On his Thursday broadcast, he made me fall off my chair when he responded to an email that said, plainly, that nowhere in the constitution is the federal government empowered to provide unlimited welfare (or any welfare for that matter.)

His response?

He conflated the 18th century word "welfare," (general well being) with the current synonym for "charity!"

The last time I saw that assertion was when a fruitloop Amish woman was touring the country making the same argument.

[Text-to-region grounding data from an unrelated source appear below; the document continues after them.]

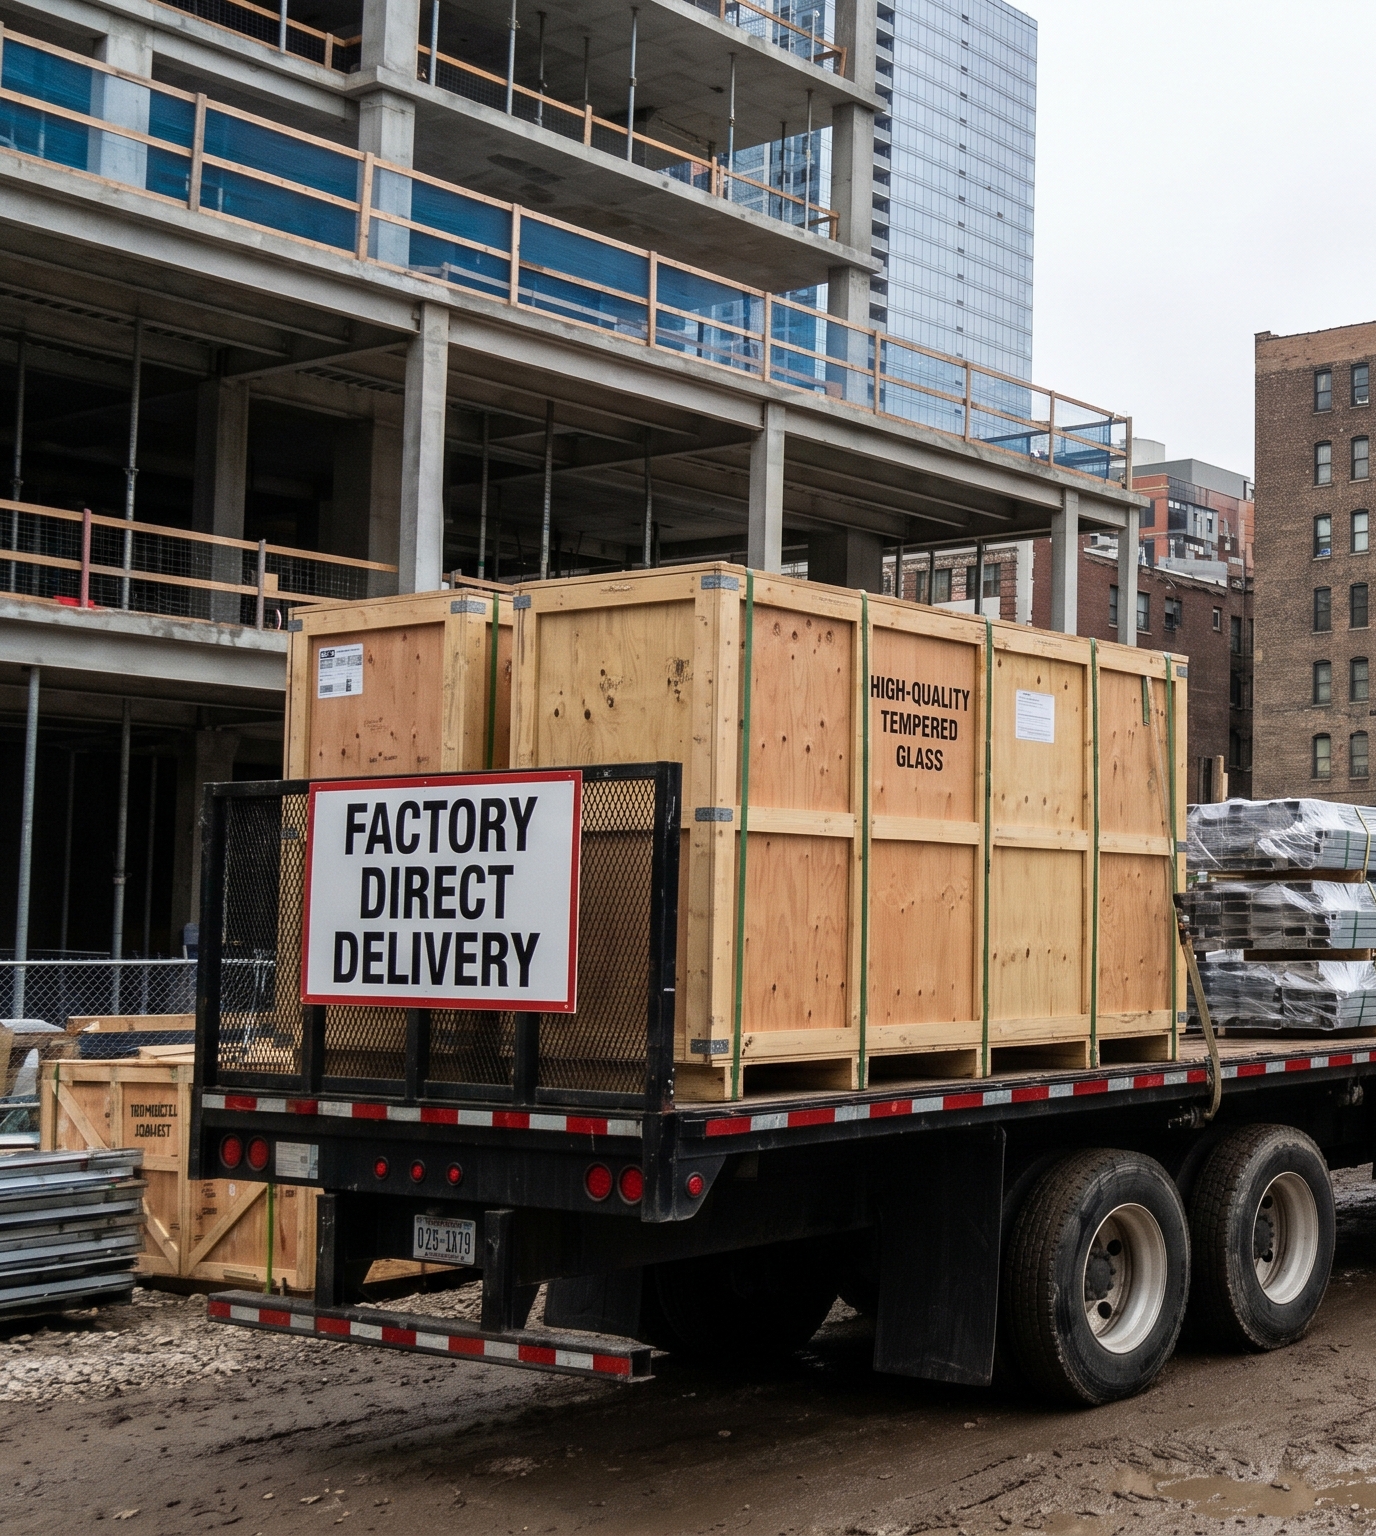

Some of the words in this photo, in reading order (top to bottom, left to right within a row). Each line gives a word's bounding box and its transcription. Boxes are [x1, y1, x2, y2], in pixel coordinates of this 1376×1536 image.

[871, 674, 970, 711] HIGH-QUALITY
[881, 710, 957, 741] TEMPERED
[896, 745, 943, 771] GLASS
[345, 796, 538, 855] FACTORY
[360, 865, 514, 920] DIRECT
[333, 931, 540, 987] DELIVERY
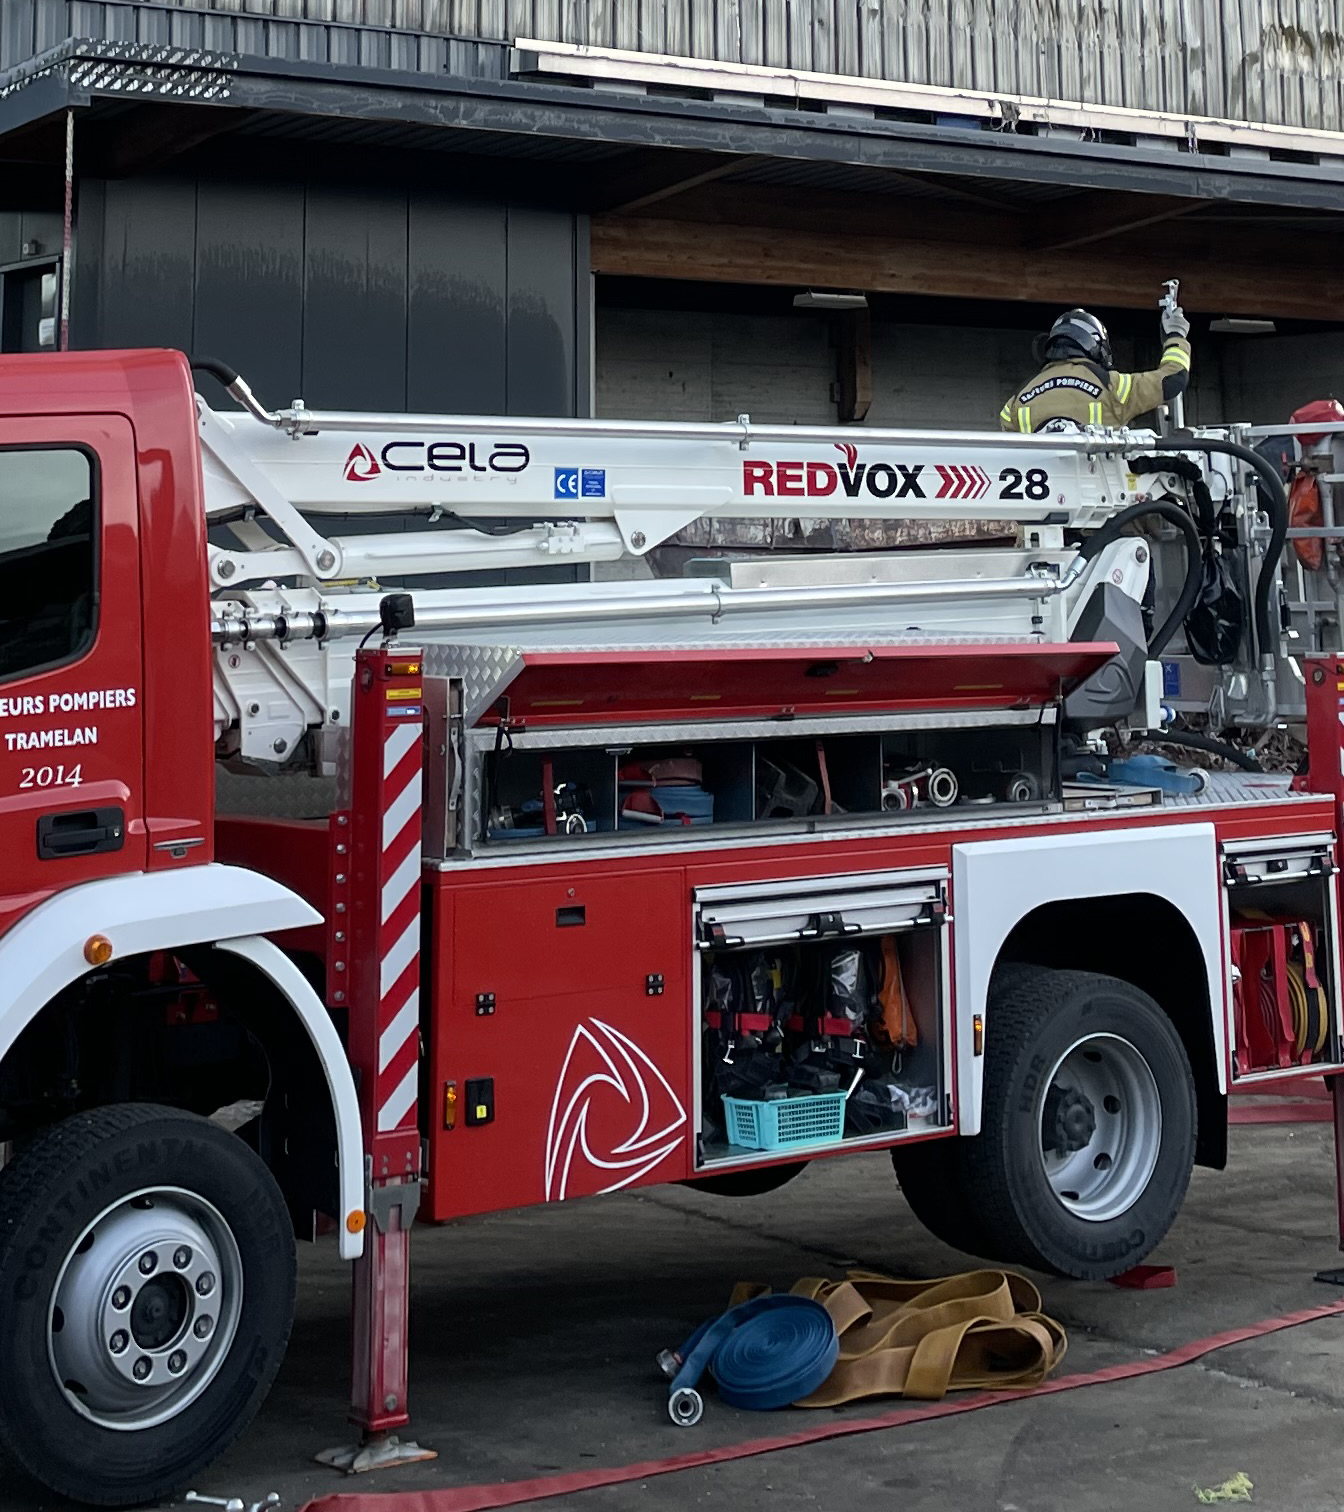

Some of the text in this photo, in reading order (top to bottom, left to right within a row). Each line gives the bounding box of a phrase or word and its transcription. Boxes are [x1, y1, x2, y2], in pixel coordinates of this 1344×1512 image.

[1056, 378, 1099, 396] POMPIERS
[396, 473, 518, 485] industry
[743, 459, 1050, 501] REDVOX 28
[49, 688, 136, 713] POMPIERS
[4, 726, 97, 751] TRAMELAN
[19, 763, 83, 788] 2014
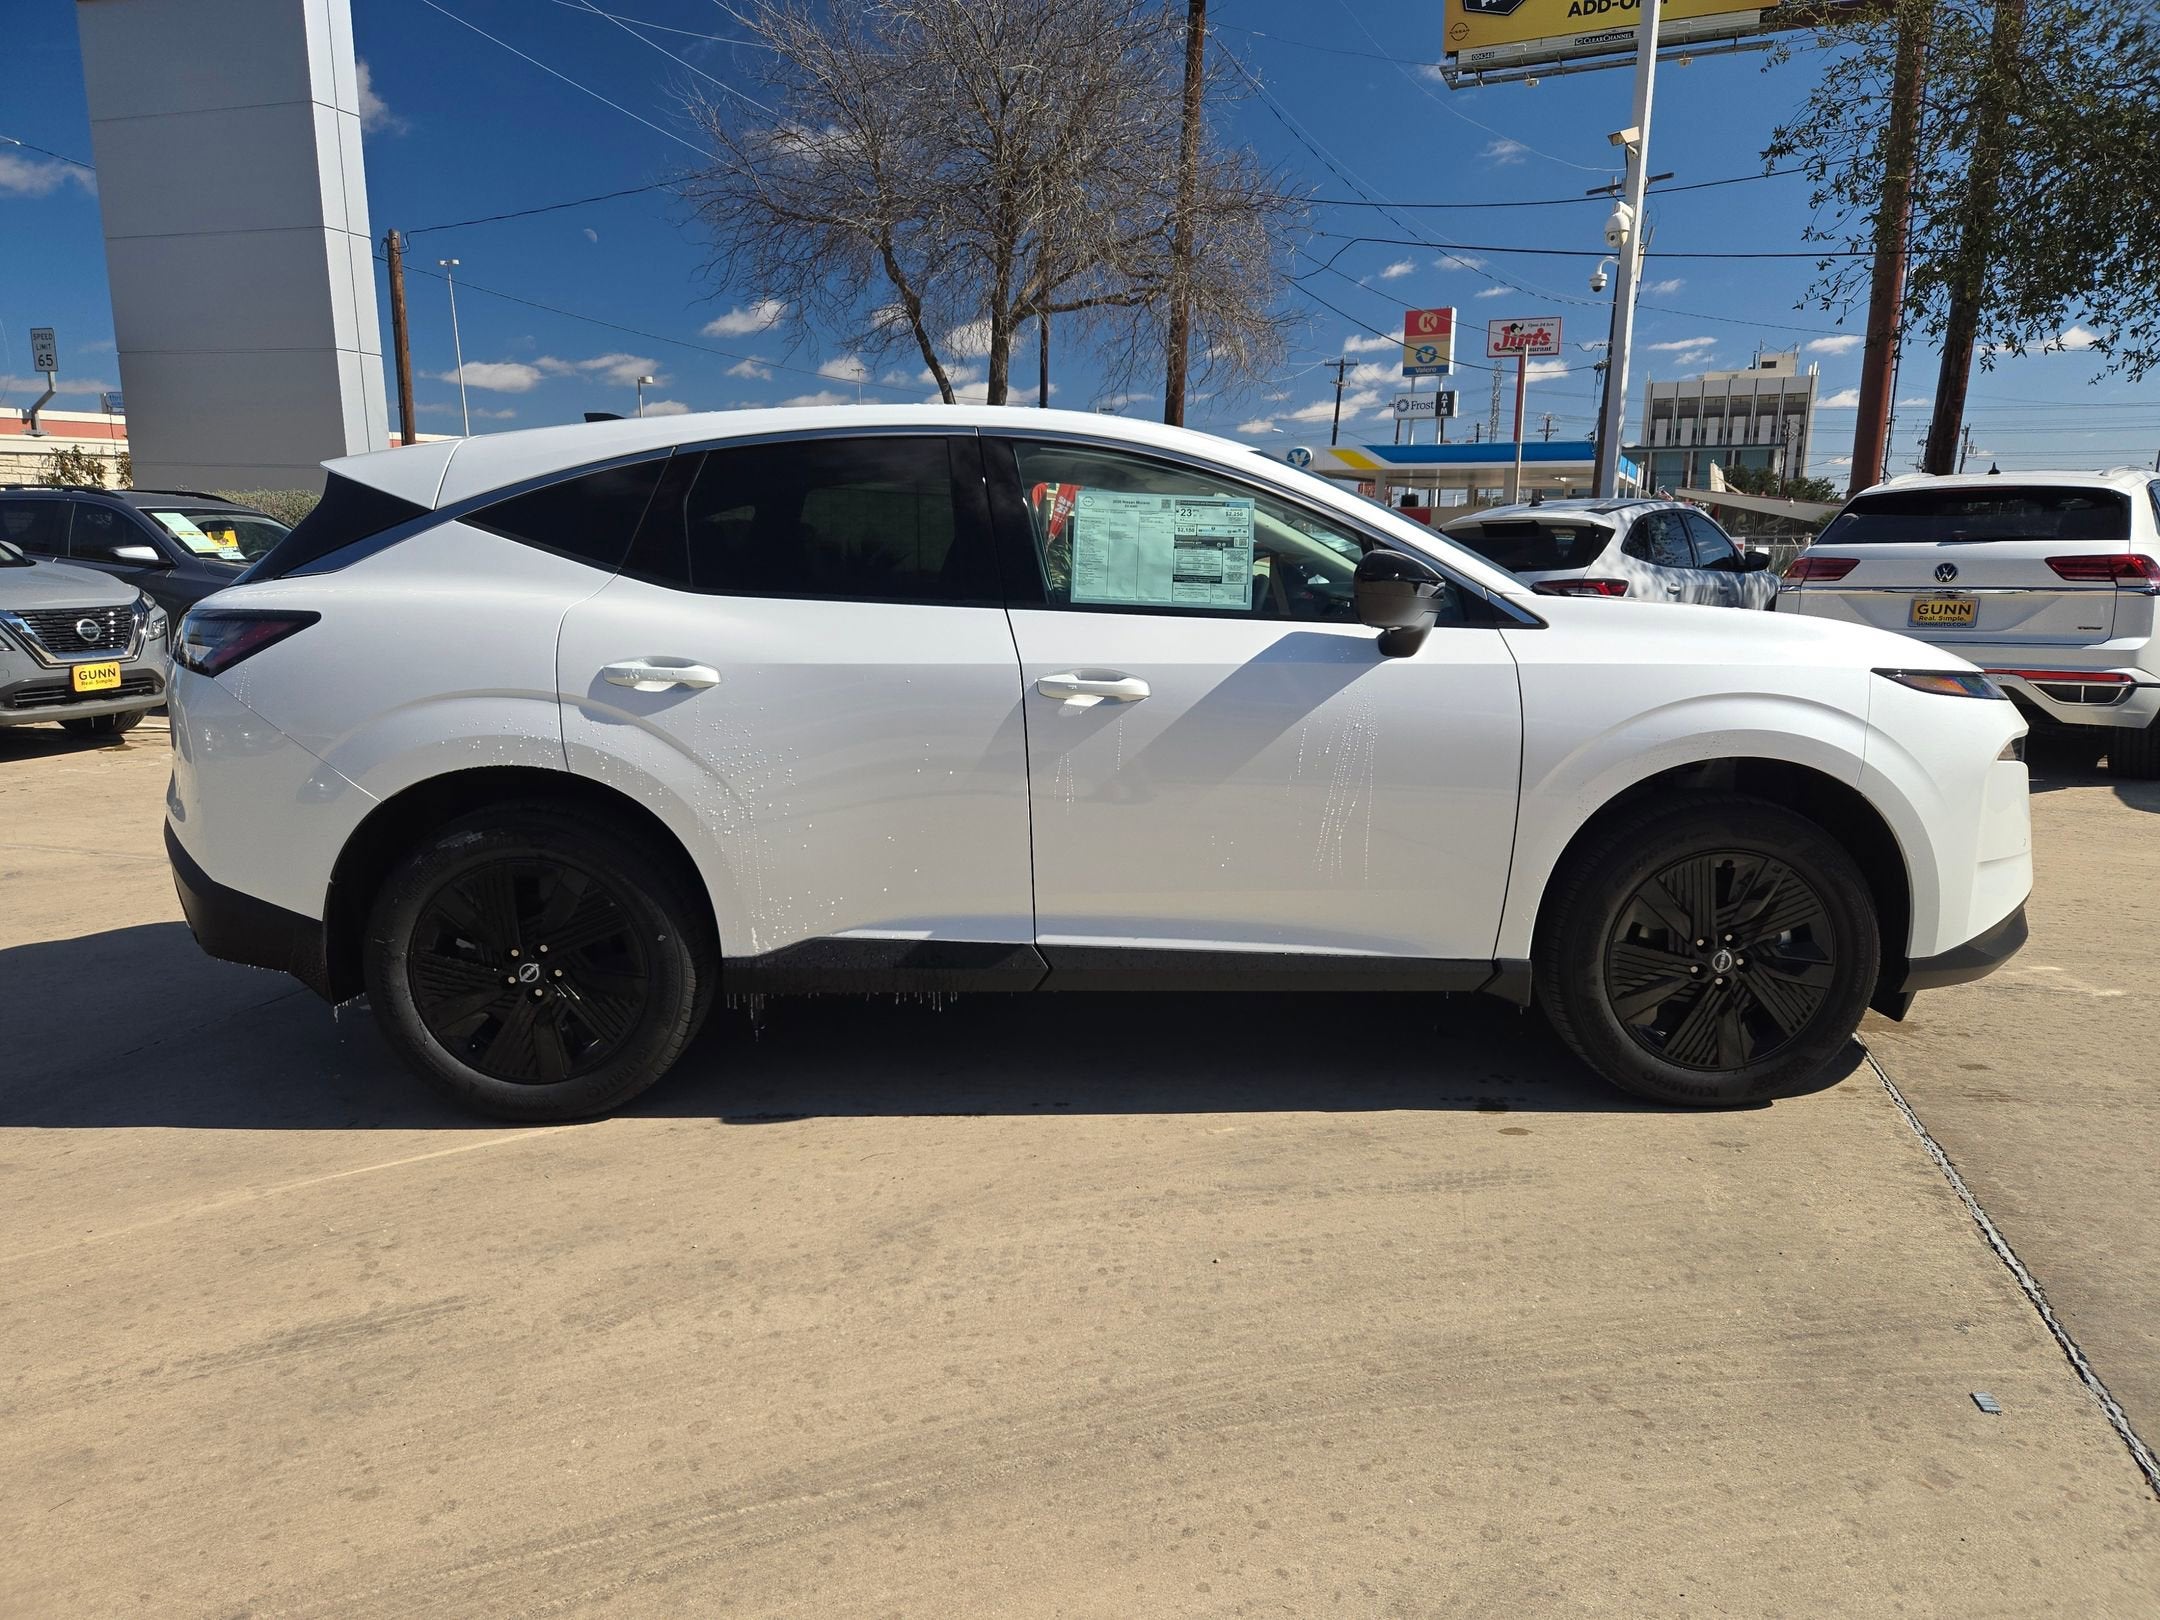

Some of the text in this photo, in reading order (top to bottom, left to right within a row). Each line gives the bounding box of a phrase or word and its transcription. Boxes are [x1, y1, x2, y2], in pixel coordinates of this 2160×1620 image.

She was quickly laughed off the national public stage.

Was there national required charity established in the late 1700s?
Was there a food stamp program?
Aid to dependent children as a national obligation to all citizens?
Free mail for the poor?
Free food?
Free housing?
Free entertainment?
If it was a real part of the Constitutional enumerated powers why did it not exist for over 100 years afterwards?

Remember, the federal income tax did not sneak into the national consciousmess until 120 years later, and there was no mention whatsoever of mandatory national charity during Congressional debates prior to its adoption.

If an idiot with an Ivy League education can't grasp the obvious, what can we expect from the parasites who are 90% of Hussein's electorate?

Mind-boggling does not begin to describe it.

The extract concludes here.